The copy must match the data below line for line and contain no images.

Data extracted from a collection

--- START ---

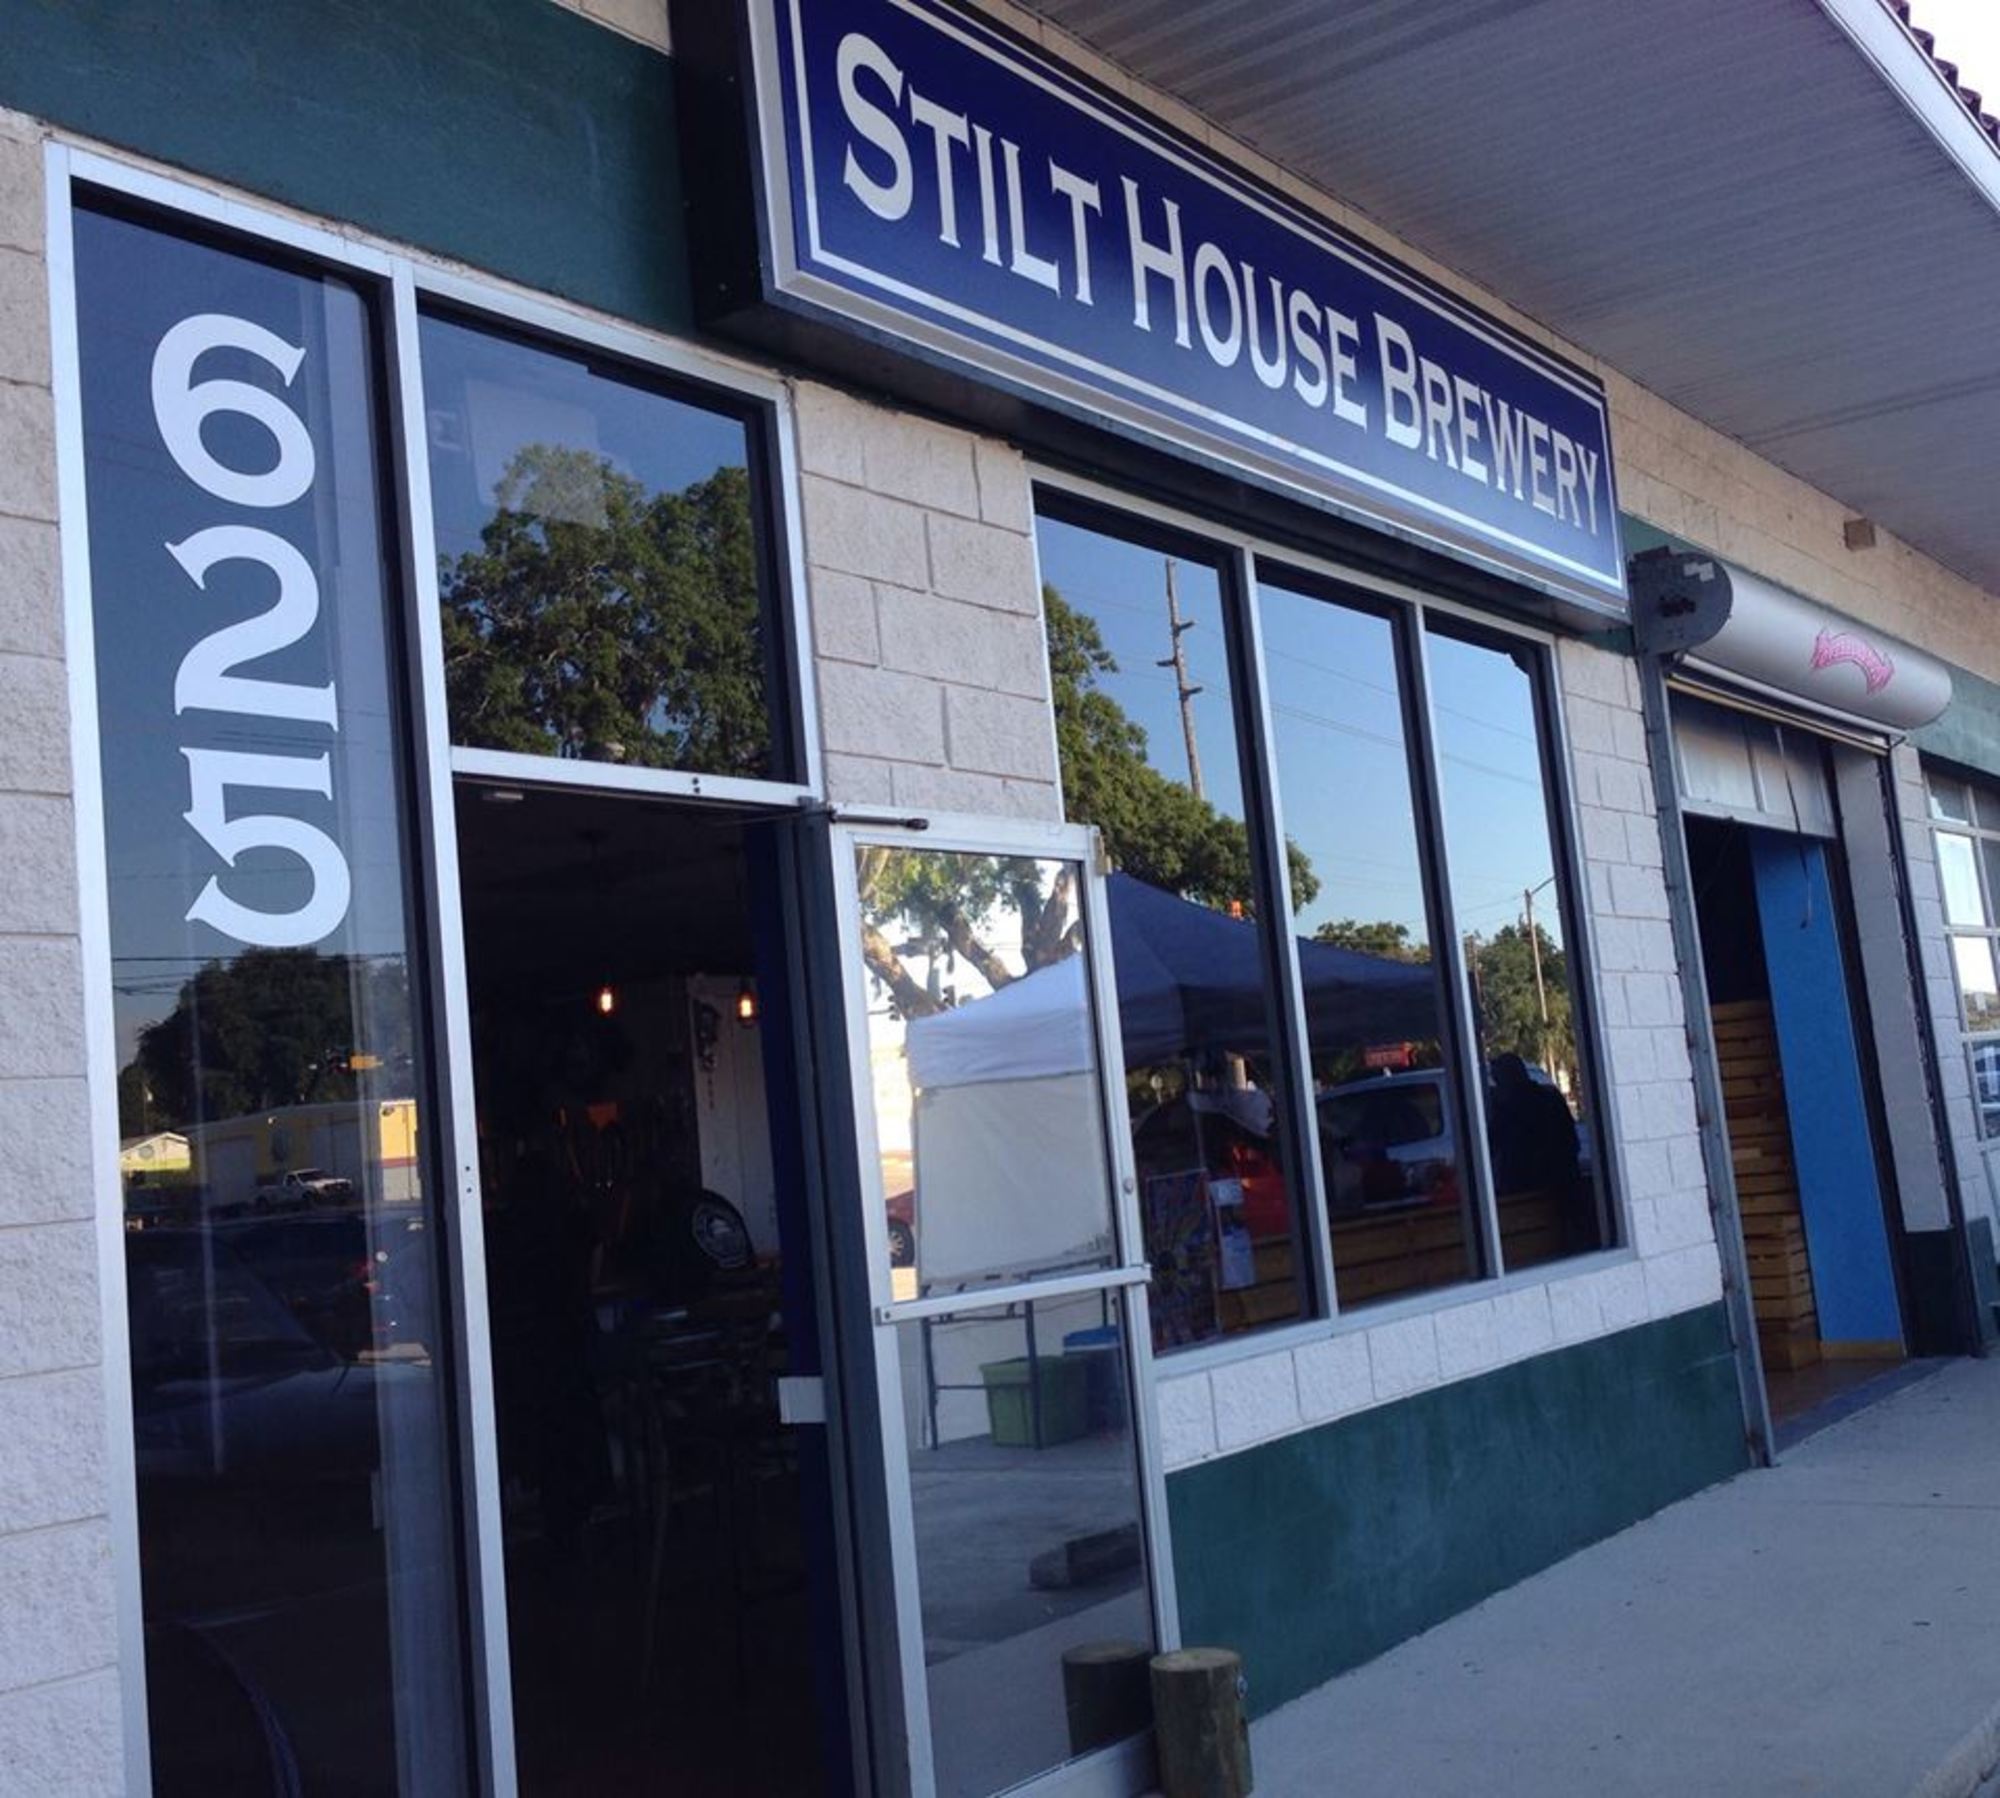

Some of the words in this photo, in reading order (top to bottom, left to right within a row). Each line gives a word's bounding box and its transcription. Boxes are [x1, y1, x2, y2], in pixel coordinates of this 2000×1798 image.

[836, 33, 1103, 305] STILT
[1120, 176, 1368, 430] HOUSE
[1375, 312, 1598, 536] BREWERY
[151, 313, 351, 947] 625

--- END ---

▶ [Task result]
Some of the words in this photo, in reading order (top to bottom, left to right within a row). Each line gives a word's bounding box and its transcription. Boxes are [x1, y1, x2, y2], in pixel coordinates of this 2000×1798 image.

[836, 33, 1103, 305] STILT
[1120, 176, 1368, 430] HOUSE
[1375, 312, 1598, 536] BREWERY
[151, 313, 351, 947] 625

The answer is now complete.